The photoionizer 102 may include a first electrode 107, a second
electrode 108, a third electrode 110 and a fourth electrode 112
that direct ionized molecules through an aperture 113 in the fourth
electrode 112. The electrodes 107, 108, 110 and 112 may be
separated by electrical insulators 114. A gas sample may be
introduced into an ionization chamber 116 of the photoionizer 102
through a sample valve 118. The sample valve 118 may be either of
the pulsed or continuous type which allows sample gas from an
outside source such as the ambient to flow into the ionization
chamber 116.
The gas sample within the ionization chamber 116 can be ionized by
a light beam emitted from a light source 120. The light beam may
have a wavelength so that photo-energy between 8.0 and 12.0
electron volts (eV) is delivered to the gas sample. Photo-energy
between 8.0 and 12.0 is high enough to ionize most trace molecules
of interest without creating much molecular fragmentation within
the sample. By way of example the light source 120 may be a Nd:YAG
laser which emits light at a wavelength of 355 nanometers (nm). The
355 nm light may travel through a frequency tripling cell that
generates light at 118 nms. 118 nm light has an energy of 10.5 eV.

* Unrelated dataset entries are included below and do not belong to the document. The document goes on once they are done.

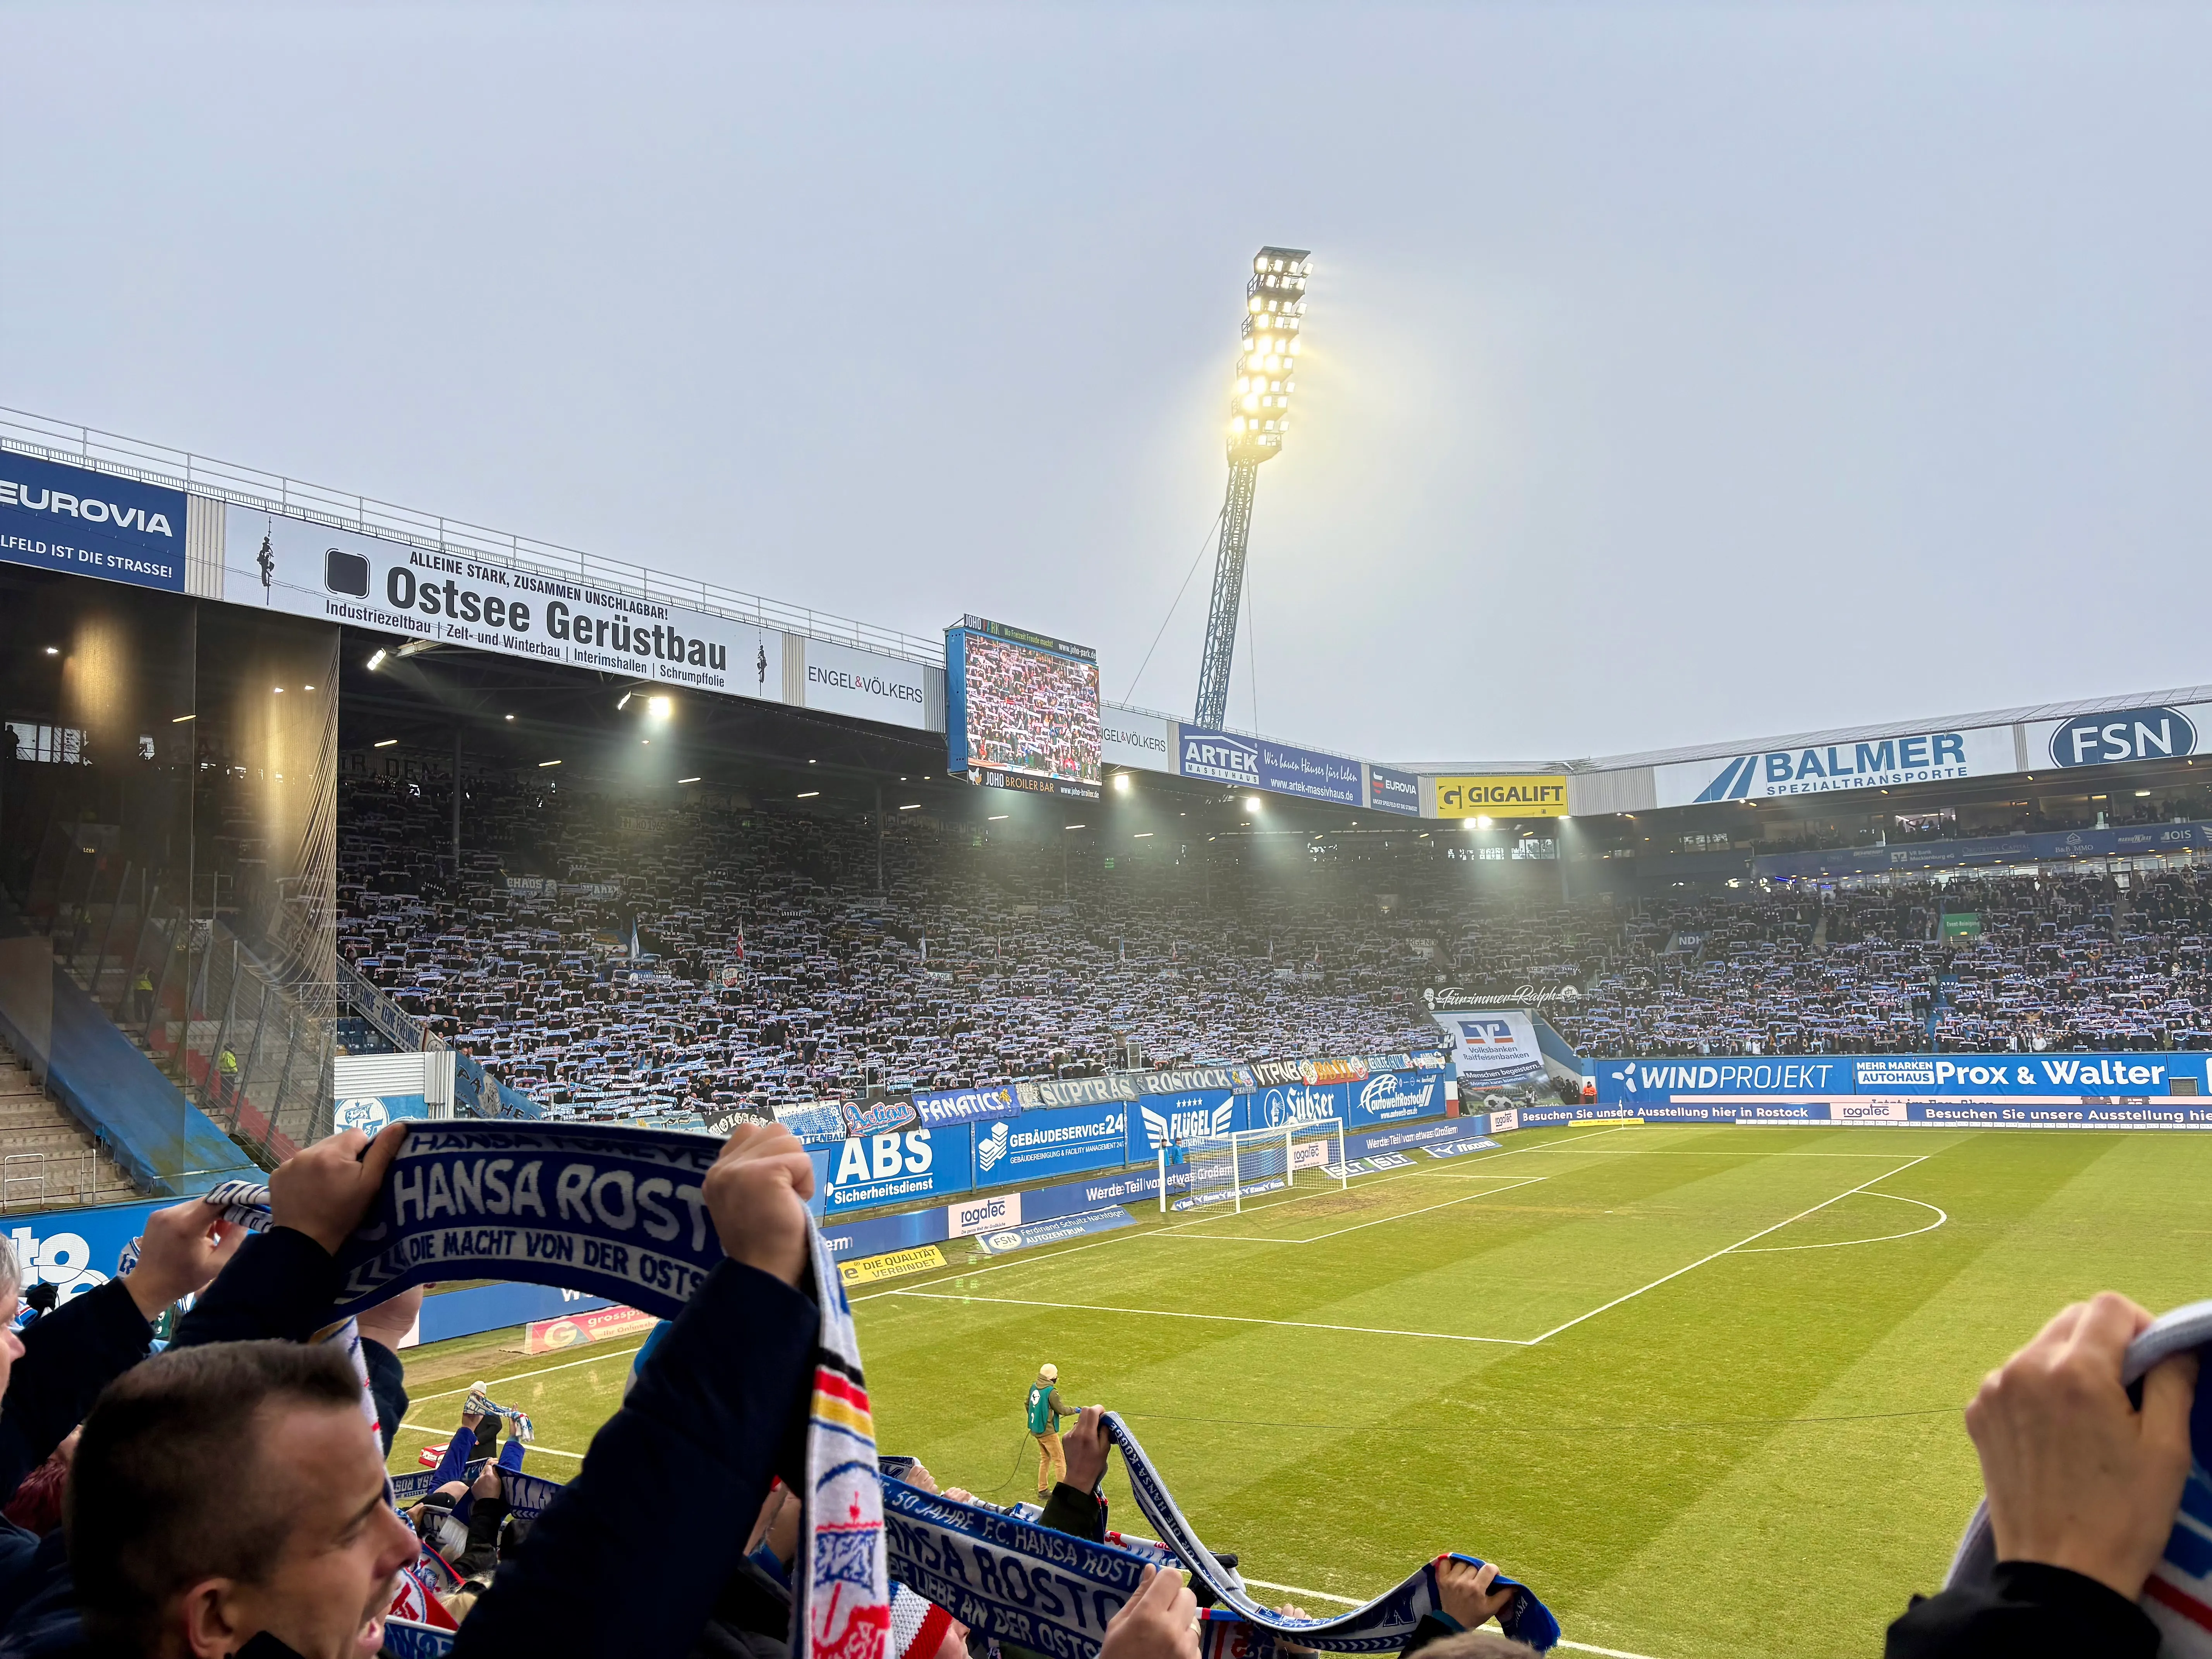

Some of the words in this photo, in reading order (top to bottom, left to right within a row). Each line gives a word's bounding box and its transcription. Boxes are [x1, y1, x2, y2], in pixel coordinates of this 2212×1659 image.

[0, 481, 172, 538] EUROVIA
[51, 545, 74, 560] IST
[79, 550, 103, 566] DIE
[107, 556, 173, 579] STRASSE!
[409, 551, 462, 575] ALLEINE
[467, 565, 510, 588] STARK,
[514, 575, 581, 602] ZUSAMMEN
[586, 592, 668, 620] UNSCHLAGBAR!
[386, 567, 531, 632] Ostsee
[546, 600, 727, 672] Gerüstbau
[326, 599, 431, 634] Industriezeltbau
[446, 624, 473, 640] Zelt-
[477, 632, 499, 646] und
[503, 635, 560, 658] Winterbau
[574, 648, 647, 673] Interimshallen
[659, 664, 725, 688] Schrumpffolie
[965, 614, 981, 630] JOHO
[983, 619, 1000, 635] PARK
[1004, 627, 1011, 636] Wo
[1012, 629, 1026, 641] Freizeit
[1027, 634, 1040, 644] Freude
[1040, 637, 1053, 648] macht!
[1058, 642, 1096, 659] www.joho-park.de
[808, 666, 923, 704] ENGEL&VÖLKERS
[2071, 718, 2173, 764] FSN
[1186, 742, 1259, 773] ARTEK
[1264, 749, 1278, 767] Wir
[1280, 753, 1300, 771] bauen
[1301, 757, 1324, 776] Häuser
[1325, 766, 1339, 782] fürs
[1340, 766, 1357, 782] Leben
[1765, 733, 1966, 783] BALMER
[986, 771, 1004, 788] JOHO
[1006, 776, 1038, 791] BROILER
[1040, 781, 1055, 793] BAR
[1188, 763, 1257, 783] MASSIVHAUS
[1766, 766, 1968, 796] SPEZIALTRANSPORTE
[1271, 778, 1353, 801] www.artek-massivhaus.de
[1386, 780, 1417, 795] EUROVIA
[1468, 785, 1564, 804] GIGALIFT
[507, 877, 543, 889] CHAOS
[1513, 985, 1557, 1008] Ralph
[1463, 1052, 1529, 1061] Raiffeisenbanken
[1857, 1062, 1886, 1070] MEHR
[1888, 1061, 1934, 1070] MARKEN
[1145, 1066, 1232, 1094] ROSTOCK
[1251, 1061, 1302, 1085] VTPNB
[1465, 1070, 1499, 1079] Menschen
[1501, 1064, 1540, 1076] begeistern.
[1641, 1065, 1833, 1089] WINDPROJEKT
[1862, 1071, 1930, 1082] AUTOHAUS
[1938, 1061, 2009, 1085] Prox
[2018, 1065, 2035, 1084] &
[2041, 1060, 2166, 1085] Walter
[1040, 1078, 1136, 1106] SUPTRAS
[1371, 1088, 1423, 1110] autoweltRostock
[845, 1103, 912, 1128] Action
[917, 1092, 1004, 1122] FANATICS
[1523, 1111, 1572, 1121] Besuchen
[1576, 1110, 1593, 1118] Sie
[1597, 1108, 1634, 1118] unsere
[1638, 1106, 1708, 1120] Ausstellung
[1712, 1106, 1736, 1117] hier
[1740, 1106, 1752, 1116] in
[1757, 1106, 1808, 1117] Rostock
[1843, 1104, 1890, 1118] rogatec
[1926, 1108, 1997, 1119] Besuchen
[2002, 1108, 2025, 1119] Sie
[2030, 1110, 2083, 1120] unsere
[2088, 1109, 2184, 1122] Ausstellung
[1170, 1109, 1211, 1139] FLÜGEL
[835, 1128, 933, 1185] ABS
[1010, 1149, 1061, 1164] GEBÄUDEREINIGUNG
[1065, 1146, 1085, 1156] FACILITY
[1085, 1142, 1115, 1153] MANAGEMENT
[1294, 1145, 1319, 1163] rogatec
[1373, 1154, 1408, 1166] SLT
[835, 1177, 933, 1204] Sicherheitsdienst
[1085, 1183, 1125, 1201] Werde
[393, 1158, 545, 1226] HANSA
[556, 1163, 710, 1250] ROST
[961, 1199, 1005, 1227] rogatec
[1020, 1222, 1058, 1237] Ferdinand
[1060, 1218, 1086, 1230] Schultz
[1087, 1209, 1125, 1223] Nachfolger
[1026, 1226, 1086, 1244] AUTOZENTRUM
[409, 1235, 436, 1261] DIE
[443, 1230, 514, 1257] MACHT
[526, 1231, 574, 1261] VON
[584, 1242, 628, 1275] DER
[994, 1235, 1017, 1245] FSN
[863, 1260, 883, 1270] DIE
[885, 1249, 936, 1266] QUALITÄT
[872, 1259, 936, 1278] VERBINDET
[1109, 1422, 1166, 1512] HANSA-KOGGE
[1165, 1512, 1182, 1537] DIE
[918, 1501, 974, 1532] JAHRE
[1015, 1525, 1078, 1570] HANSA
[1083, 1553, 1140, 1587] ROST
[917, 1569, 956, 1614] LIEBE
[960, 1593, 987, 1627] AN
[994, 1607, 1034, 1645] DER

Such a light source 120 is described in U.S. Pat. No. 5,808,299
issued to Syage, which is hereby incorporated by reference.
Alternatively, the light source may include continuous or pulsed
discharge lamps which are disclosed in U.S. Pat. No. 3,933,432
issued to Driscoll; U.S. Pat. No. 5,393,979 issued to Hsi; U.S.

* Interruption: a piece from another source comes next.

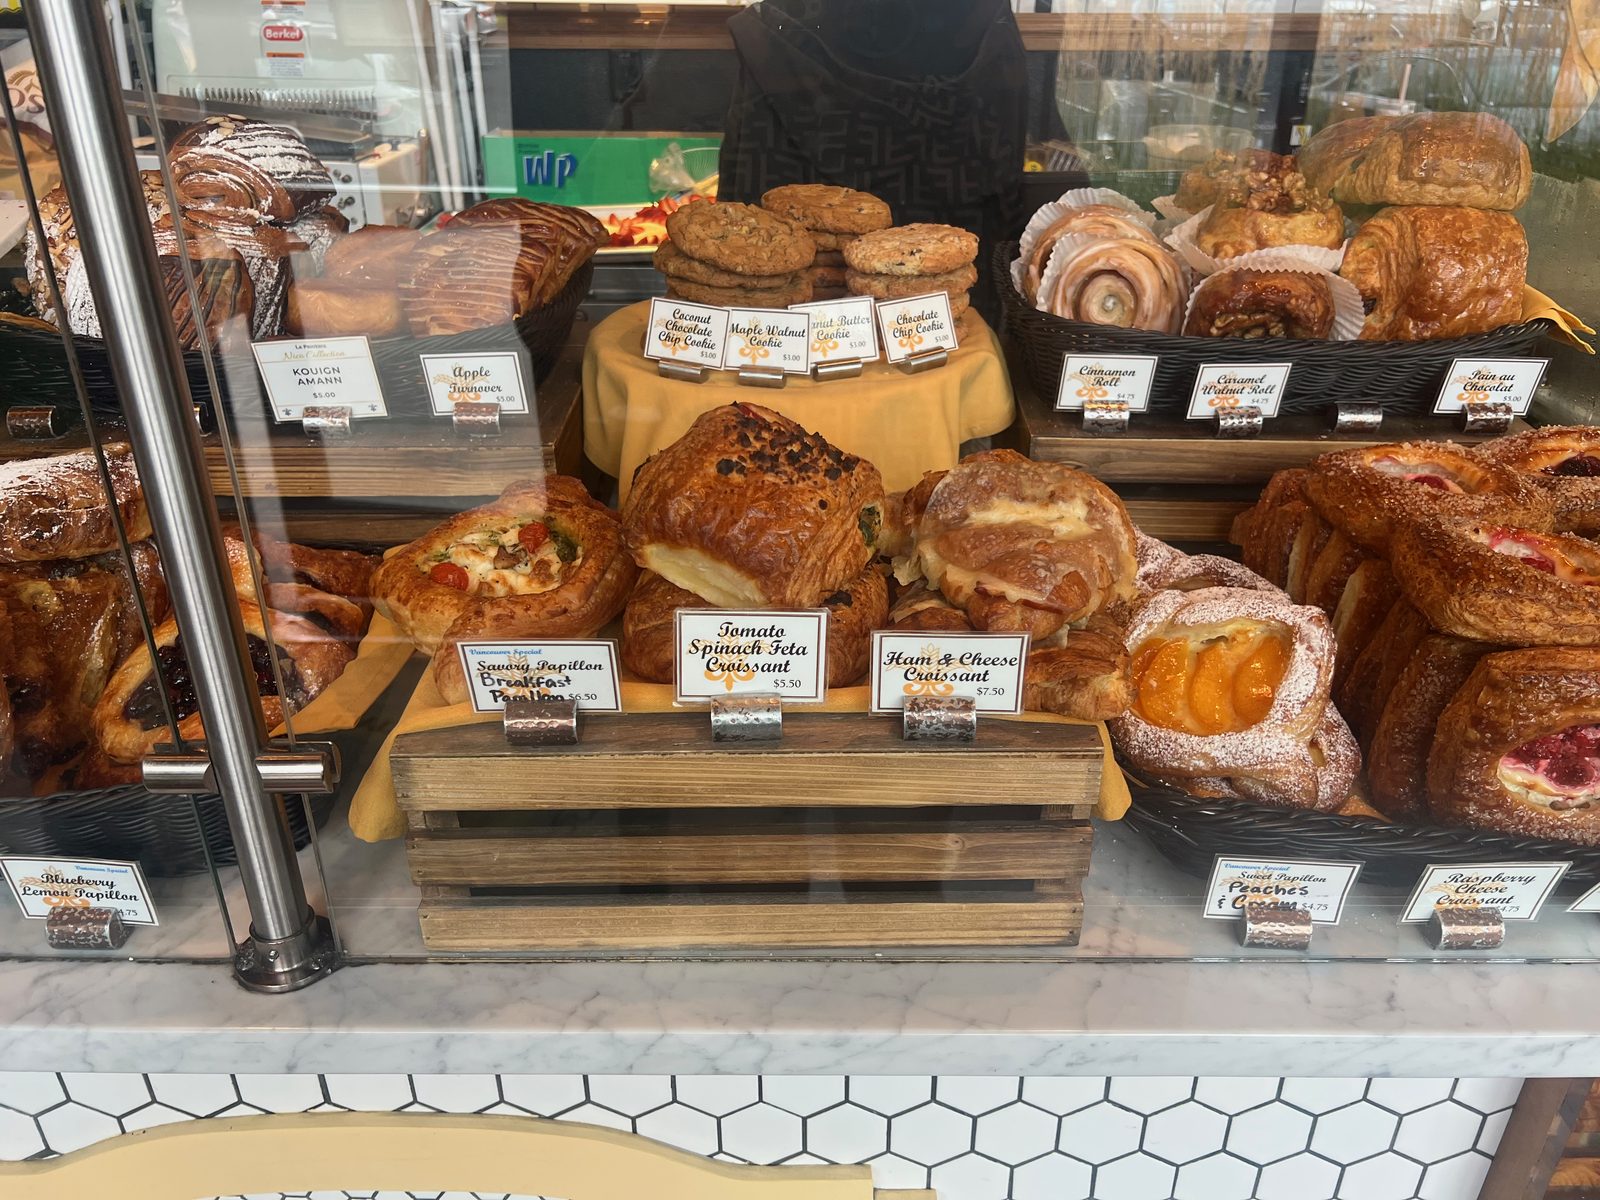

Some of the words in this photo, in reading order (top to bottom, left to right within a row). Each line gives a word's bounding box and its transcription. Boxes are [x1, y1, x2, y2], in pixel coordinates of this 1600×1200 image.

Pat. No. 5,338,931 issued to Spangler et al. and U.S. Pat. No.
5,206,594 issued to Zipf, which are hereby incorporated by
reference.
The electron-ionizer 106 may include a filament 122 that extends
around an anode grid cage 124. A voltage potential can be applied
to the filament 122 to electron-ionize molecules within the anode
grid cage 124. Although it is contemplated that the photoionizer
102 and the electron-ionizer 106 can be constructed as original
equipment, it is to be understood that the present invention also
allows an existing electron-ionization mass spectrometer to be
modified to include a photoionizer. Referring to both FIGS. 1 and
2, an existing electron-ionizer can be modified by removing the
repeller cage (reference numeral 8 in FIG. 1) and forming an
opening (reference numeral 126 in FIG. 2) in the anode grid cage
124. As an alternate embodiment, the repeller cage 8 may remain in
the electron-ionizer 106. As yet another embodiment the
photoionizer 102 can be coupled to the electron-ionizer 106 without
forming an opening in the anode grid cage 124.

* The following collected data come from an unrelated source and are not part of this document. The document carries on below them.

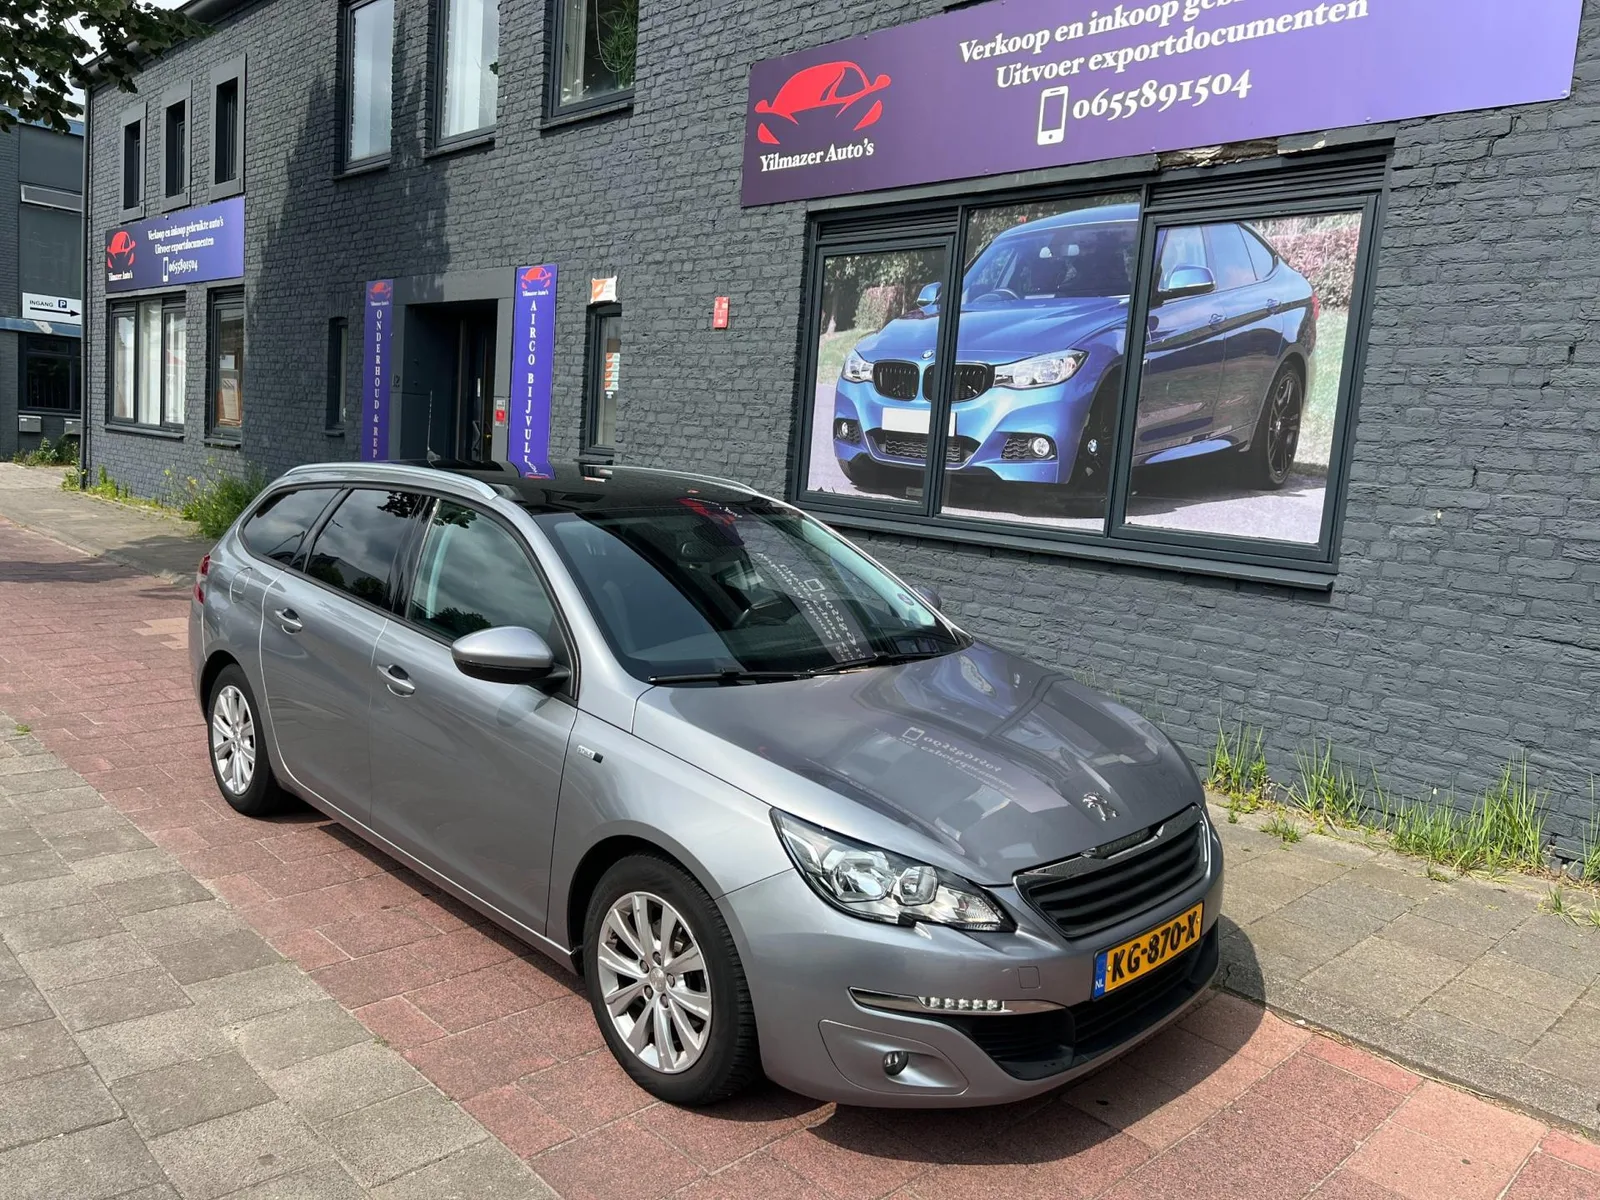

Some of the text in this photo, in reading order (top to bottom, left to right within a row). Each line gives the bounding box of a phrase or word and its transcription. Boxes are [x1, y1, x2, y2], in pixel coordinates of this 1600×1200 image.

[960, 28, 1050, 63] Verkoop
[1054, 22, 1084, 41] en
[1088, 1, 1179, 38] inkoop
[996, 0, 1368, 88] Uitvoer exportdocumenten
[1072, 69, 1252, 121] 0655891504
[760, 138, 875, 172] Yilmazer Auto's
[528, 300, 537, 365] AIRCO
[373, 413, 379, 423] &
[1095, 910, 1197, 988] NL KG-870-X

The mass spectrometer 100 may further have a fourth electrode 128
located between the photoionizer 102 and the electron-ionizer 106.
The fourth electrode 128 may collimate the flow of ionized trace
molecules from the photoionizer 102 to the electron-ionizer
106.
The detector 104 may be a mass analyzer which has an entrance plate
130, two pairs of quadrupole rods 132 and a detector plate 134. The
detector 104, photoionizer 102 and electron-ionizer 106 may all be
connected to a controller 136 which controls the ionization of the
gas sample, controls the voltages of the electrodes 107, 108, 110,
112 and 128, cage 124 and plate 130, and receives input signals
from the detector plate 134. The controller 136 may correlate the
input signals from the detector 104 with a defined substance or
compound in accordance with a look-up table or other means known in
the art and provide a read-out or display.
The controller 136 may provide voltages to the electrodes 108, 110,
112 and 128 in accordance with the following table.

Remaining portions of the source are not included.